About


I was born and raised in Akron, Ohio where my early visual interest in suburban house types and studying floor plans and rooms in 1960s design magazines began a passion for historic architecture. Catering doll teas from my aqua Easy Bake oven, messing up my mother’s pink-applianced 1950s kitchen for my Girl Scout “Cooking” badge, and hours spent in my own pink play kitchen under the basement stairs would also instill a love of pantries and food.

Meanwhile, in my pink bedroom, the whir of a large blue hassock fan drowned out the cacophony of summer cicadas so that I could sleep. [This was before central air conditioning.]

In 1974 I moved to my grandparents’ New Hampshire farm with my mother and two brothers after memorable summer visits as a child. In these more northern and hearty climes, fans were usually replaced by fresh pine air and stoked wood stoves in winter. On the farm I continued to cook, draw floor plans, and learned to tend a garden. I learned to embrace the darkness at night, instead of a well-lit suburban street, and to star-gaze as my father had shared with me, as well as his love of music. From my grandmother, and others, I developed a love of books and reading, for research, and for writing.

I received my B.A. in art history from Wheaton College (Norton, MA) and spent my junior year studying art and architecture at University College London. After working for the National Trust for Historic Preservation’s Yankee Magazine Intern Program (I had also been an intern), I moved into Gibson House Museum, a preserved Victorian-era townhouse in the Back Bay, where I lived and worked as a resident guide. Later I would complete a history and study report of the site that helped define its eventual Boston Landmark and National Landmark status.

While in graduate school I worked as a “Project Prepare” intern, and wrote planning and historic preservation studies of two New Hampshire towns, Jaffrey and Harrisville, for the National Trust for Historic Preservation. I received my M.A. in historic preservation studies from Boston University.

I have worked as a preservation consultant and in public relations at Antioch New England Graduate School where I wrote press releases, ad and catalogue copy, and edited and wrote for their alumni newsletter. I was also site manager for Historic New England's Barrett House, a rural New Hampshire historic museum house built in 1800. There I planned diverse programs, generated press and articles in local and national magazines and operated a weekend tearoom that was featured in the original Victoria Magazine.

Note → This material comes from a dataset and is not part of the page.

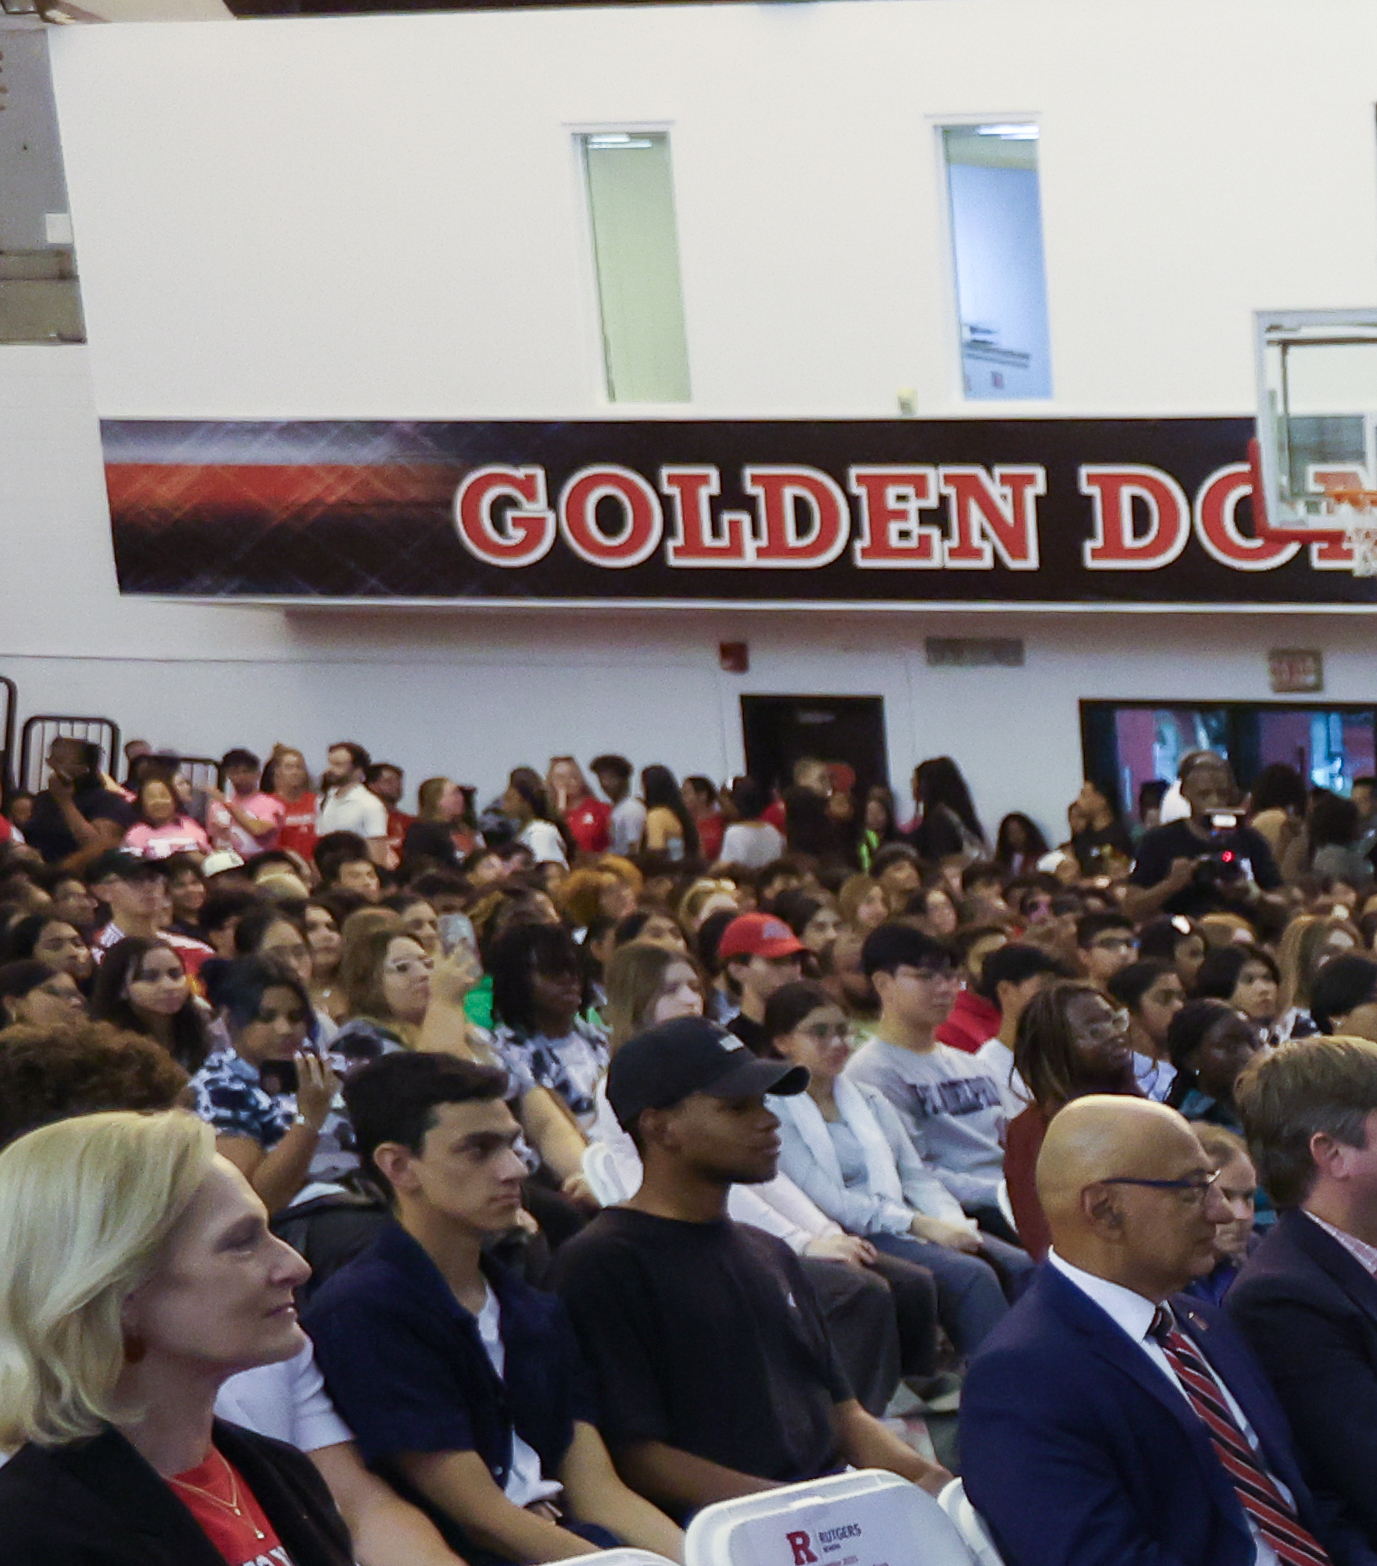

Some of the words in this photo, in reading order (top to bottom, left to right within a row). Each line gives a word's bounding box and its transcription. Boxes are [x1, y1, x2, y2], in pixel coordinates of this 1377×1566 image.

I have contributed a variety of house-related and personal essays to design magazines such as VictoriaOld-House Interiors, and Early Homes, among others, and have contributed to many regional and local publications. My first book The Pantry—Its History and Modern Uses was published in May 2007 by Gibbs Smith, Publisher and combined my life-long interest in pantries as well as the domestic and design history of kitchen spaces. You can read more about pantries and earlier domestic musings (2005-2010) at my blog In the Pantry.

For over a decade I lived with my husband Temple Pond and our three children in his ancestral 1813 Federal home in a classic New England village. Here we built two traditional-style butler's pantries and collected too many things. Since 2008 we have lived on a Kentucky ridge farm where we raise pastured cattle, chickens, cats, a bull mastiff named Roscoe, a bull named Edgar–and two hard-working teenage boys (well, almost 18 and 21 now). You can read more about our farm on my blog Farmwife At Midlife.

If you are interested in local produce, products and related information from south central Kentucky's Old Order Mennonite and Amish communities and other farmers in Casey County, check out my blog at GROW Casey County[NOTE: Inactive but still some information available.]

I continue to work as a professional freelance writer, have some new book plans in the works, and regularly contribute farm and country-related articles to the online magazine, Rethink:Rural.